Selon ses termes, « en l’état de ces énonciations et hors toute contradiction, la cour d’appel a pu retenir qu’en faisant obstacle à la vente, Mme Y… avait commis une faute engageant sa responsabilité ».
Elle écarte les arguments de l’ex-épouse et confirme sa condamnation à payer 30000 € de dommages-intérêts à l’indivision post-communautaire.
Analyse
La résistance à la vente caractérisant le comportement de l’ex-épouse a causé un préjudice à l’indivision post-communautaire dans un contexte de baisse du marché immobilier.
En effet, l’indivision n’a pas pu vendre le bien au prix stipulé dans le compromis initial de 355000 €, mais a finalement obtenu un prix réduit de 325000 €. Cet écart fonde le montant de l’indemnité fixée par les juges du fond et approuvée par la Cour de cassation.
Remarque :
La solution est identique en matière de démembrement.
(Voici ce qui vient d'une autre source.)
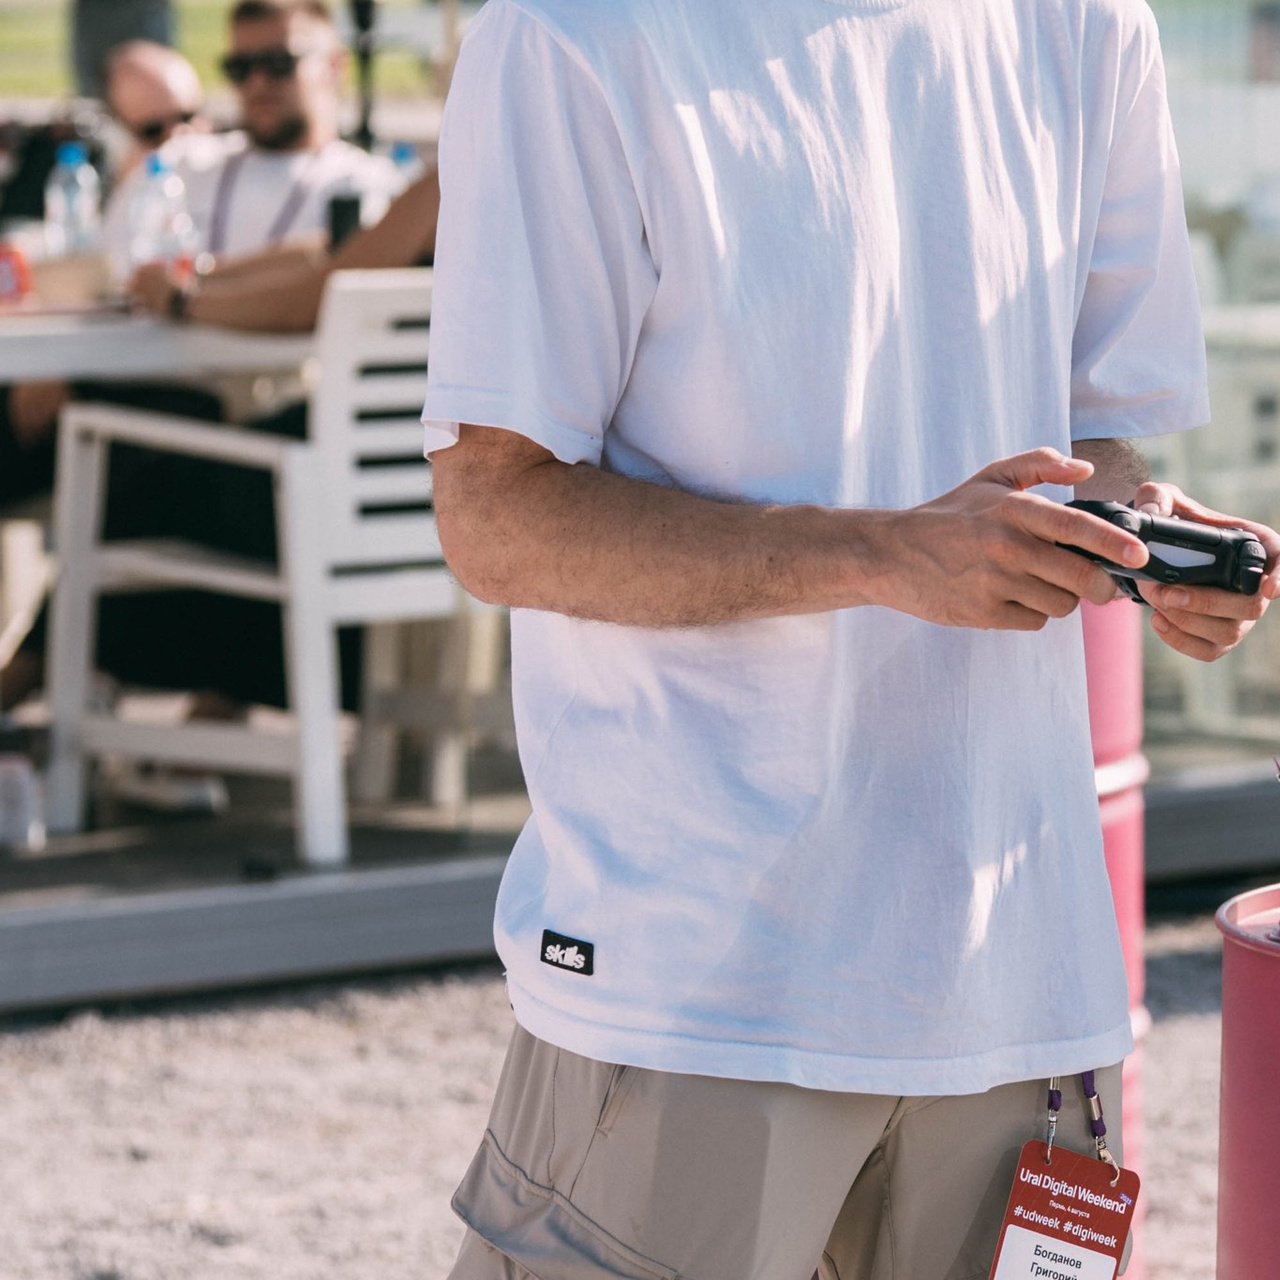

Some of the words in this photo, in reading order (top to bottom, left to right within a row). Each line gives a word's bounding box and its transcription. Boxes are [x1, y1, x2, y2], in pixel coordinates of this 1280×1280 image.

Le nu-propriétaire reste libre d’exercer ses droits de disposition sur le bien démembré, et notamment de ne pas donner son accord à la vente. En revanche, s’il consent à la vente, les juges ont eu l’occasion de constater qu’un revirement sans motif lors du processus de vente participait à caractériser un comportement abusif. En l’espèce, ce comportement était uniquement motivé par la volonté de nuire à l’usufruitière.
CA Paris du 18 déc. 2013, n°13/01689
Pour résoudre cette situation, l’ex-époux ne pouvait se prévaloir de la procédure exceptionnelle de vente d’un bien indivis, ouverte aux seuls indivisaires détenant au moins 2/3 des droits indivis (C.civ. art. 815-5-1).
En revanche, l’autorisation du juge de vendre le bien aurait pu être sollicitée sur le fondement de l’article 815-5 du Code civil, en démontrant que le refus d’un indivisaire met en péril l’intérêt commun.
Exemple :
Un indivisaire a été autorisé à vendre seul l’immeuble dans une situation où l’autre s’opposait à la vente. Ce dernier se prévalait d’une « évaluation du bien très supérieure à la valeur marchande alors qu’elle était en constante diminution, et que cette exigence avait fait obstacle à la réalisation de la vente de l’immeuble en 2011 à un prix conforme à celui du marché ».